Caramia Wardhana, Head of Business KCBA HSBC di Indonesia mengatakan, saat ini, perusahaan dalam proses untuk menutup kegiatan operasinya, dimana hal tersebut melibatkan pelepasan karyawan yang telah memilih untuk tak bergabung dengan PT Bank HSBC Indonesia (HBID).

HBID merupakan hasil integrasi KCBA HSBC di Indonesia dengan PT Bank Ekonomi Raharja Tbk. Keduanya resmi bergabung dan mengibarkan bendera baru pada April 2017.


Meski demikian, hingga saat ini, masih tersisa 70 dari 195 karyawan yang menolak bergabung dalam integrasi. Mereka menilai, penawaran yang diberikan manajemen dilakukan sepihak, tanpa perundingan.

“Kami pastikan bahwa kami akan memperlakukan seluruh karyawan secara adil, sesuai dengan hukum dan peraturan yang berlaku, walaupun 70 karyawan tidak menyetujui paket pesangon yang telah diatur oleh Undang-undang Ketenagakerjaan,” ujarnya kepada CNNIndonesia.com melalui surat elektronik, Kamis (14/12).
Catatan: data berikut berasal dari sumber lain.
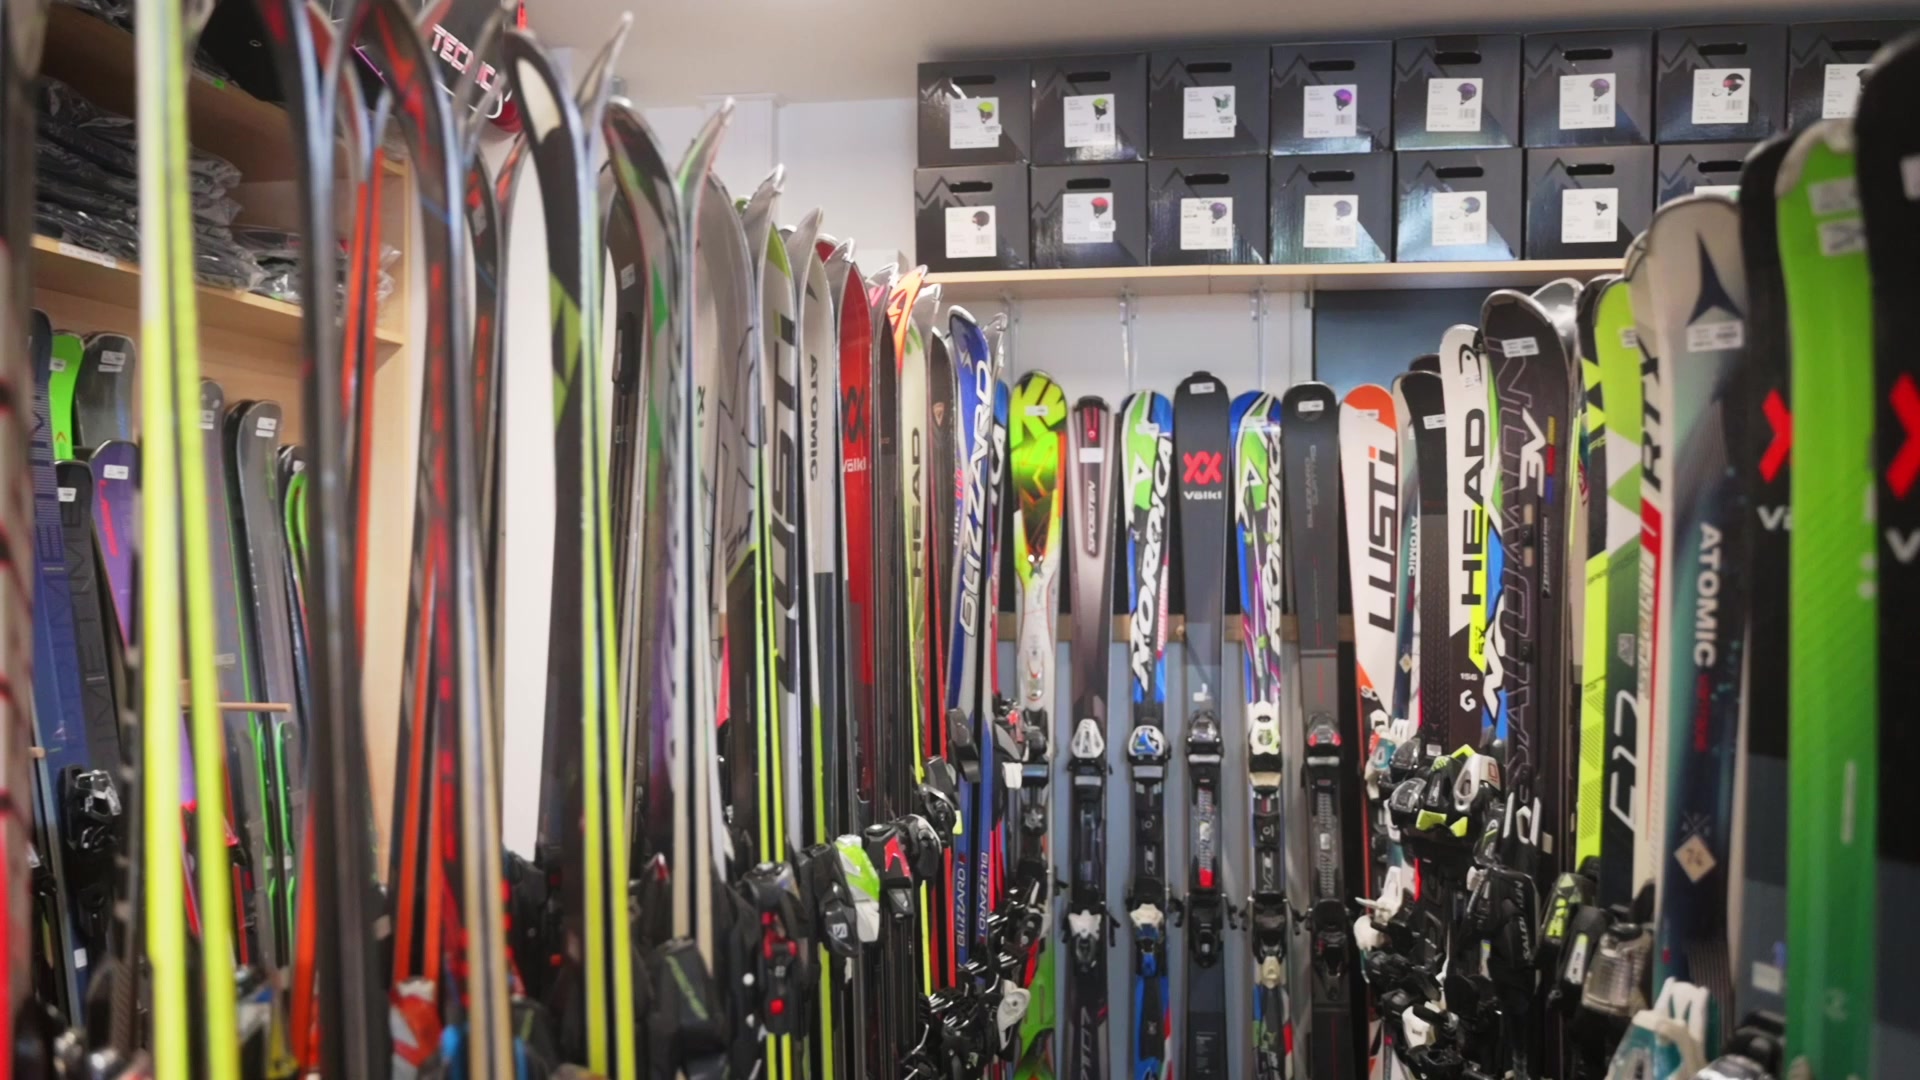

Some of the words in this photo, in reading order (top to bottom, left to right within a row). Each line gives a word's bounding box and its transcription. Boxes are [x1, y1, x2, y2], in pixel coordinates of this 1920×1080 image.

Terkait skorsing, Caramia beralasan, lantaran tidak ada kegiatan lagi di KCBA HSBC di Indonesia. Oleh karenanya, seluruh karyawan yang masih ada ‘dirumahkan’ sampai KCBA HSBC ditutup atau lebih awal sesuai dengan kesepakatan bersama.

Selain itu, ia menyebut bahwa informasi skorsing telah dikomunikasikan kepada masing-masing karyawan dan sudah sesuai dengan koridor hukum.

“Kami telah berupaya untuk berkomunikasi secara terbuka kepada masing-masing karyawan yang telah memilih untuk tidak bergabung pada HBID. Penting untuk memastikan perlakuan adil dan tidak membeda-bedakan karyawan yang telah memutuskan untuk tidak bergabung.” jelasnya.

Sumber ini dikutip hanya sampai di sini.